_What you need to do_
Your answer must be the full listing, word for word, with no images in it.

_Extracted data_
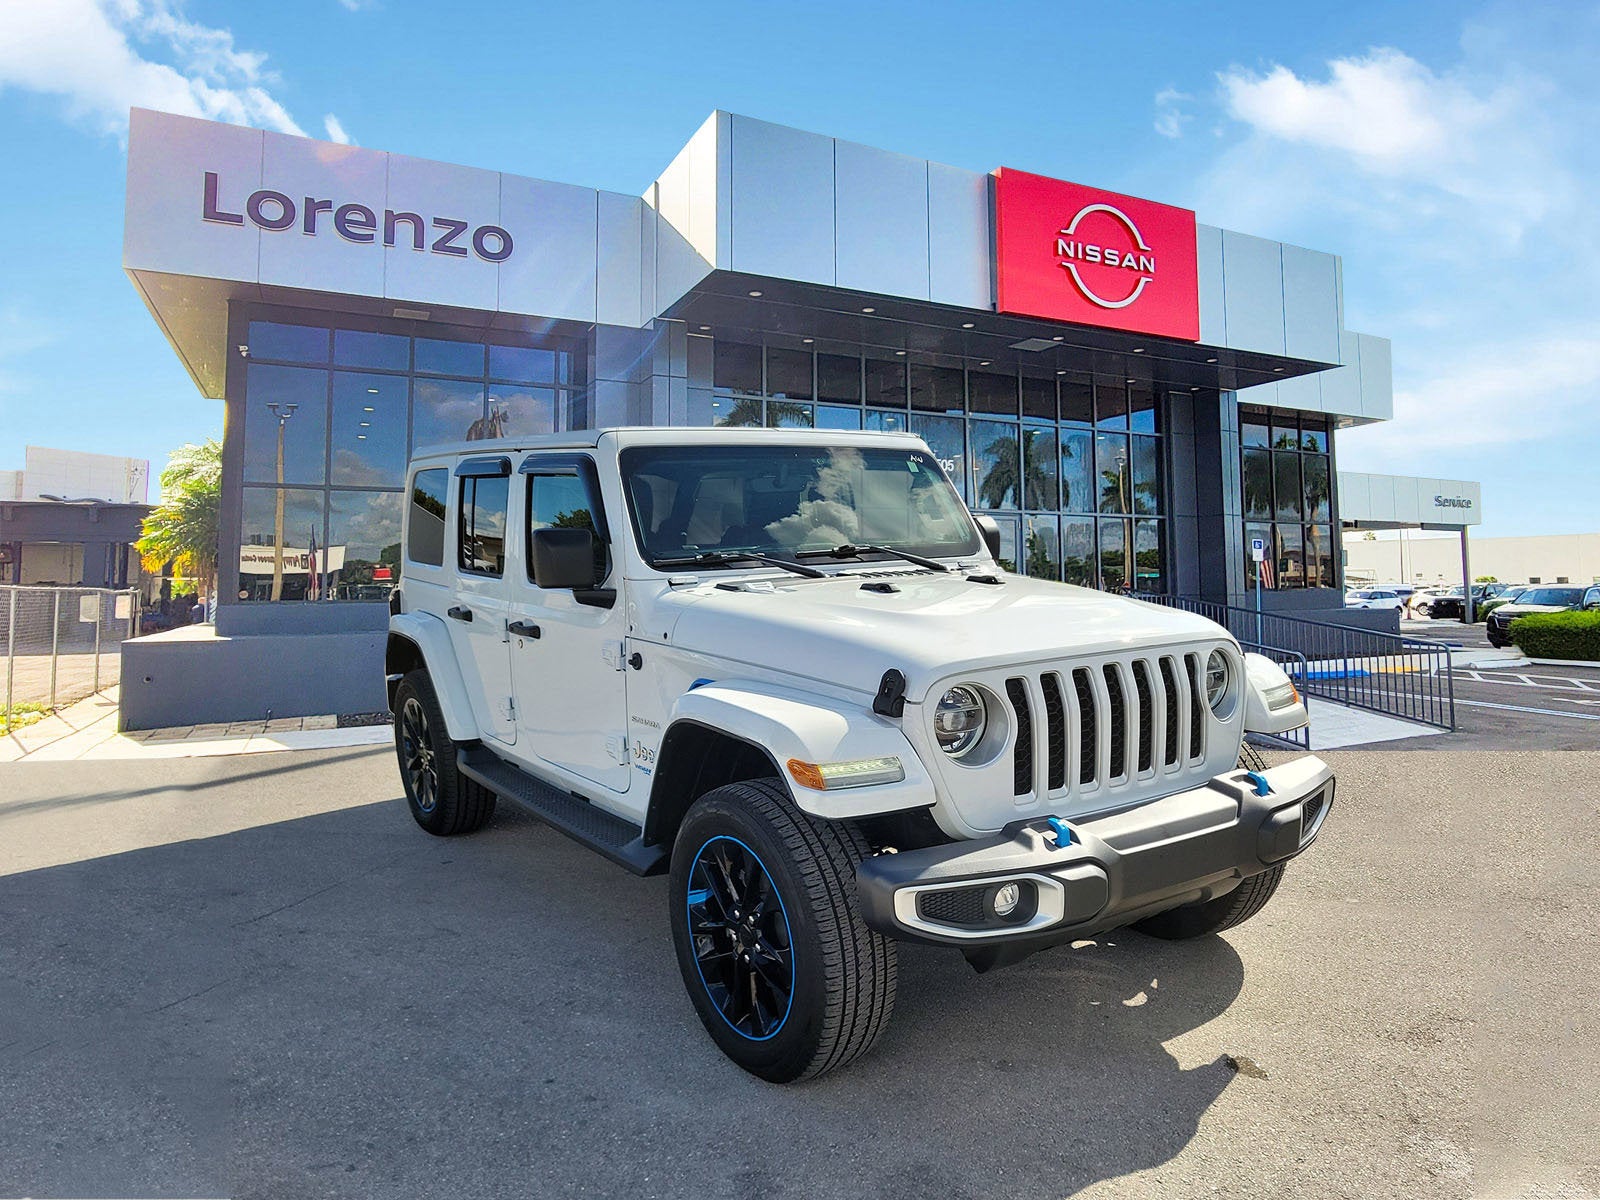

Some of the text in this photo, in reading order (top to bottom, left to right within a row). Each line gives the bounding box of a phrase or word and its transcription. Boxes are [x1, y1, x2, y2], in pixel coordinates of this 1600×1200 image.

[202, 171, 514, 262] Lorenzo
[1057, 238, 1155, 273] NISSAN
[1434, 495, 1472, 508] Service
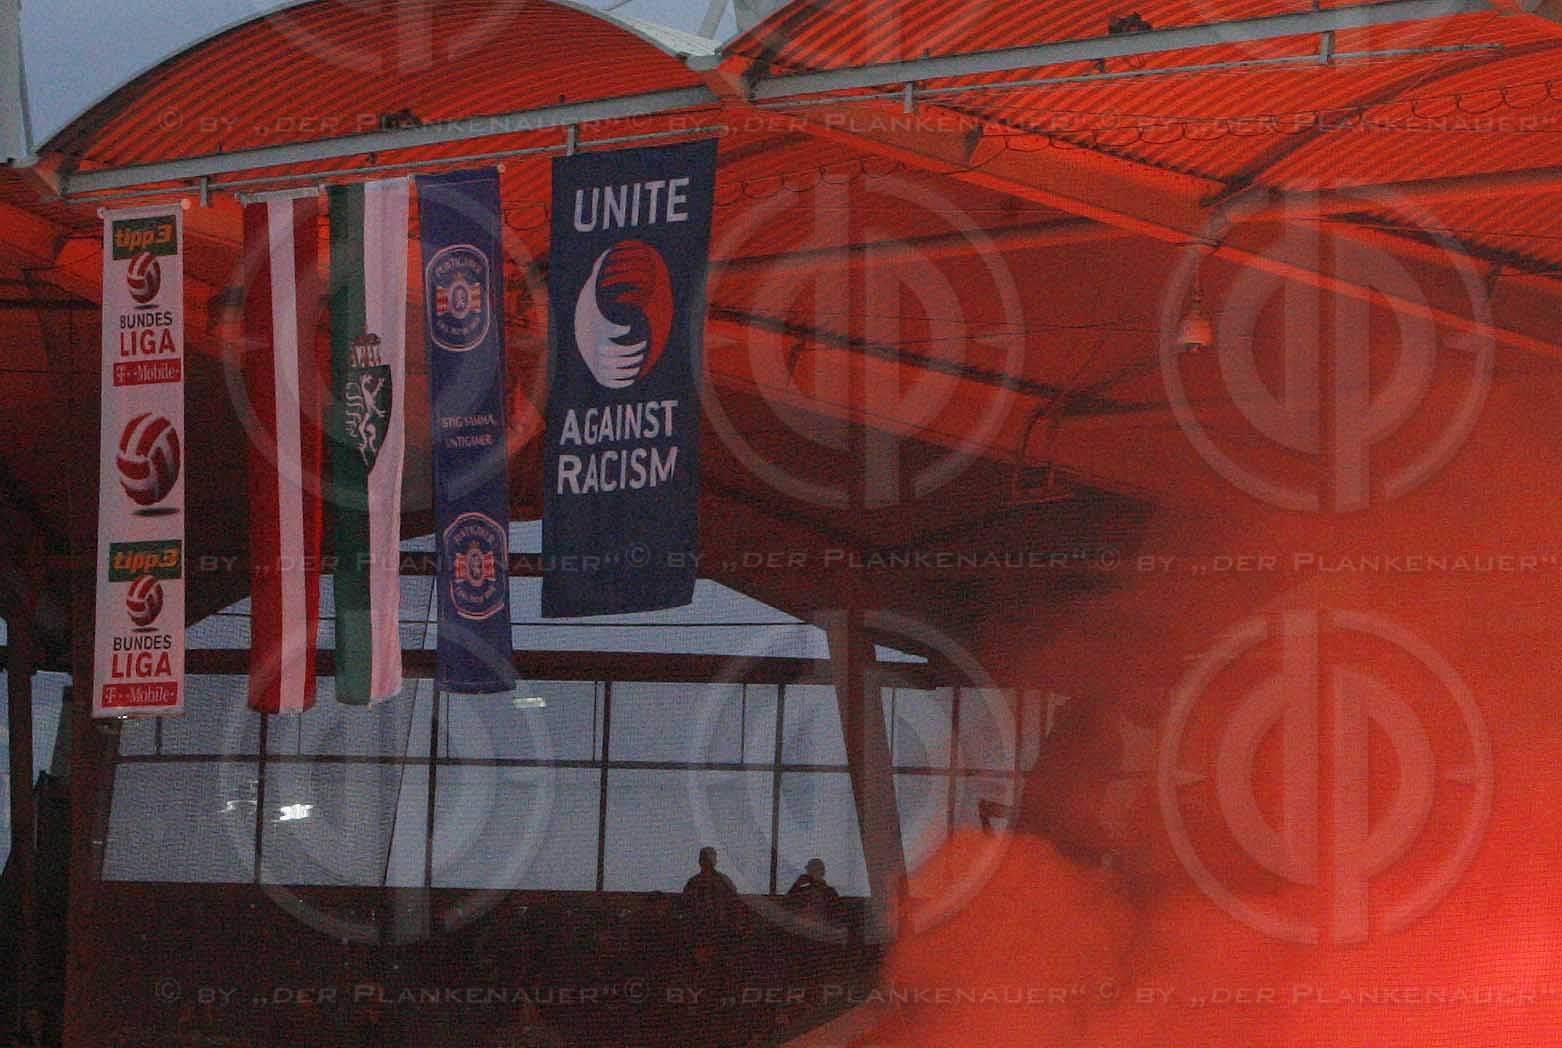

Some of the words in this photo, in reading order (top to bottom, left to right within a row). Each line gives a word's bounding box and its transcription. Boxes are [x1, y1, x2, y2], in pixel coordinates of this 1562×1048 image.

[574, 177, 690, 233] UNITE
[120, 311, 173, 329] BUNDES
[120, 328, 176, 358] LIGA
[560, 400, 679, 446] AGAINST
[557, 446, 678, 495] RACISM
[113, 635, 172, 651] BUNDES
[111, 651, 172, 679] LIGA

_Solved problem_
Some of the text in this photo, in reading order (top to bottom, left to right within a row). Each line gives the bounding box of a phrase or word and its transcription. Boxes are [x1, y1, x2, y2], in pixel coordinates of this 1600×1200 image.

[202, 171, 514, 262] Lorenzo
[1057, 238, 1155, 273] NISSAN
[1434, 495, 1472, 508] Service

Some of the words in this photo, in reading order (top to bottom, left to right within a row). Each line gives a word's bounding box and its transcription. Boxes are [x1, y1, x2, y2], in pixel coordinates of this 1562×1048 image.

[574, 177, 690, 233] UNITE
[120, 311, 173, 329] BUNDES
[120, 328, 176, 358] LIGA
[560, 400, 679, 446] AGAINST
[557, 446, 678, 495] RACISM
[113, 635, 172, 651] BUNDES
[111, 651, 172, 679] LIGA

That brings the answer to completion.